● **Work to complete**
Please set down, unchanged, the line containing "this 2000×1191 image." and all the lines that follow it until the data below ends.

Text-to-region grounding data:
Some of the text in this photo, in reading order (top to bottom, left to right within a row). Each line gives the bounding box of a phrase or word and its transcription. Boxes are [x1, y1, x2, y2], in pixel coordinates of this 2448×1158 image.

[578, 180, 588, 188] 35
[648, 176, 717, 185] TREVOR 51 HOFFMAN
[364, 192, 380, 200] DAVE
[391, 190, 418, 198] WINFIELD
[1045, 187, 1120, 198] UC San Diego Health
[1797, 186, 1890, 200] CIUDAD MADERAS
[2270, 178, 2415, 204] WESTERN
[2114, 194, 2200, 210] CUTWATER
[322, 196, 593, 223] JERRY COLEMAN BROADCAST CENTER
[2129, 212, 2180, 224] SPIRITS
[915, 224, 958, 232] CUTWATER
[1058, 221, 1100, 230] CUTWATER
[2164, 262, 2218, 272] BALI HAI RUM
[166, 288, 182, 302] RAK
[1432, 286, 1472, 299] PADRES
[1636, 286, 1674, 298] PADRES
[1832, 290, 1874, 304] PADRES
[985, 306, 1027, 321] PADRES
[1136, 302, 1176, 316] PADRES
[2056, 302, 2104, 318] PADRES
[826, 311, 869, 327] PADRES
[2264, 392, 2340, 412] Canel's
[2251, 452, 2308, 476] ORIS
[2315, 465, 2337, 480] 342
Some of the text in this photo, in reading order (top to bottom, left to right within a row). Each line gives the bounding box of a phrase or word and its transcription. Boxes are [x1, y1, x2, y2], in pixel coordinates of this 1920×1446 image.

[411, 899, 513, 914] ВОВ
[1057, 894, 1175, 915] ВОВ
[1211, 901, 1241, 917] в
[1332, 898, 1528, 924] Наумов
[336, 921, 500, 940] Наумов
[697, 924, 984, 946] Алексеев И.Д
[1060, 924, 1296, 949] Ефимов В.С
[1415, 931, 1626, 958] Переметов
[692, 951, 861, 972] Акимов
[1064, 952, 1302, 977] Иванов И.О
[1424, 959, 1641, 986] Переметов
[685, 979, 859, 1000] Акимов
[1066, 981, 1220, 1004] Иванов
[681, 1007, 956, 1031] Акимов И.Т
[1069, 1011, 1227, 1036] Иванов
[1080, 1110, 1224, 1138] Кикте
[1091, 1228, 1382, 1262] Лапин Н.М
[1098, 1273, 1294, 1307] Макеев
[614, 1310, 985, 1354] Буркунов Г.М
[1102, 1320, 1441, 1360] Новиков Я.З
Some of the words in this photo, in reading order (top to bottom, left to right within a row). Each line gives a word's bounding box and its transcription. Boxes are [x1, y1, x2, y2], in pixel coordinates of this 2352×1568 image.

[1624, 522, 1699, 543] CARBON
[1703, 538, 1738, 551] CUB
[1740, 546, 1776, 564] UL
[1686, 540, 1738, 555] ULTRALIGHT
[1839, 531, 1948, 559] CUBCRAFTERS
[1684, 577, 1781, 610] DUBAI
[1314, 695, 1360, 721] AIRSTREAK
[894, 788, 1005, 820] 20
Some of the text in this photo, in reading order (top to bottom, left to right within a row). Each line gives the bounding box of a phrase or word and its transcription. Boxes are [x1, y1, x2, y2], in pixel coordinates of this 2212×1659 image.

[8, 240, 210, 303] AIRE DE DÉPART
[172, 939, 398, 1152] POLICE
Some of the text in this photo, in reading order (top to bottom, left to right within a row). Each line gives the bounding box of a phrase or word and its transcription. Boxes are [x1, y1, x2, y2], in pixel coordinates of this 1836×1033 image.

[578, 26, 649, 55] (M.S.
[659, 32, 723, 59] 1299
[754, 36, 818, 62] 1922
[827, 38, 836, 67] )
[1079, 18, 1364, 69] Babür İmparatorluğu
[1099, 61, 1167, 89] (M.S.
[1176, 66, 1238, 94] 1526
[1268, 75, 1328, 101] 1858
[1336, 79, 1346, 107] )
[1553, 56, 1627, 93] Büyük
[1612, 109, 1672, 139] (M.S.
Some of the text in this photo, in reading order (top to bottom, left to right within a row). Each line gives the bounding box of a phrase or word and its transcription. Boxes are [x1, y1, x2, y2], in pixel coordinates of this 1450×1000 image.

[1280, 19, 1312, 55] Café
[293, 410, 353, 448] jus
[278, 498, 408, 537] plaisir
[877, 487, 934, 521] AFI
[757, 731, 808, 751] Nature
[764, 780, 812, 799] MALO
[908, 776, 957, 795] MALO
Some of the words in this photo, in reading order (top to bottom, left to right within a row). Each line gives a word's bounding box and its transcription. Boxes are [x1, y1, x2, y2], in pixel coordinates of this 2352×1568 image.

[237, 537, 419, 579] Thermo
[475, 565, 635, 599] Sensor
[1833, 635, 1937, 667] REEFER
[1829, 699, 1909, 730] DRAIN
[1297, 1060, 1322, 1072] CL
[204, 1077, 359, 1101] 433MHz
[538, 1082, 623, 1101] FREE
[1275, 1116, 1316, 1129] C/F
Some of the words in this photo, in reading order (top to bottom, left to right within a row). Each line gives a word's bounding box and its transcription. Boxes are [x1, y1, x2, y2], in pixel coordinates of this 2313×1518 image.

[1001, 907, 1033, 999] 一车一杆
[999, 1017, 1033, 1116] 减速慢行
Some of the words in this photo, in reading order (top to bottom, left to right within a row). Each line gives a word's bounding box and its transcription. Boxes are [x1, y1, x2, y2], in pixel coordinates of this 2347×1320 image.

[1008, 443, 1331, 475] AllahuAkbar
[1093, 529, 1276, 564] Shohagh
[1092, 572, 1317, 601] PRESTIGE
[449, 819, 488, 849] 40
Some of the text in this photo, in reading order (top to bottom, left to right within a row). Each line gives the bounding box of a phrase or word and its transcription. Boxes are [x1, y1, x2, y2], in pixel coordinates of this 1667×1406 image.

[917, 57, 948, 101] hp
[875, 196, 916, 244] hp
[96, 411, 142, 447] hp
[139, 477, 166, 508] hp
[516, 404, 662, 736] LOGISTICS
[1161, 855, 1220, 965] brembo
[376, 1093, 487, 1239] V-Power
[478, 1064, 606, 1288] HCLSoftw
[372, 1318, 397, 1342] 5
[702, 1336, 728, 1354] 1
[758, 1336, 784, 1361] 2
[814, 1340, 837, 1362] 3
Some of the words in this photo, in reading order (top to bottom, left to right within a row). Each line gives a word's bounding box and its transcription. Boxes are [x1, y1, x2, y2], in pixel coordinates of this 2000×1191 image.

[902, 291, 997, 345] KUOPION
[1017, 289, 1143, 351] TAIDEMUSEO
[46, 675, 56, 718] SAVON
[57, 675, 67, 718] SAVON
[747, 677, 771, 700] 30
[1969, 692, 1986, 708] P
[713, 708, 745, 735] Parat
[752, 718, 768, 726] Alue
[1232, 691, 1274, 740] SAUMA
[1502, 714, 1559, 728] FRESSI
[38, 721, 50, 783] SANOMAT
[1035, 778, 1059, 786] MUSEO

● **Written response**
Some of the words in this photo, in reading order (top to bottom, left to right within a row). Each line gives a word's bounding box and its transcription. Boxes are [x1, y1, x2, y2], in pixel coordinates of this 2000×1191 image.

[902, 291, 997, 345] KUOPION
[1017, 289, 1143, 351] TAIDEMUSEO
[46, 675, 56, 718] SAVON
[57, 675, 67, 718] SAVON
[747, 677, 771, 700] 30
[1969, 692, 1986, 708] P
[713, 708, 745, 735] Parat
[752, 718, 768, 726] Alue
[1232, 691, 1274, 740] SAUMA
[1502, 714, 1559, 728] FRESSI
[38, 721, 50, 783] SANOMAT
[1035, 778, 1059, 786] MUSEO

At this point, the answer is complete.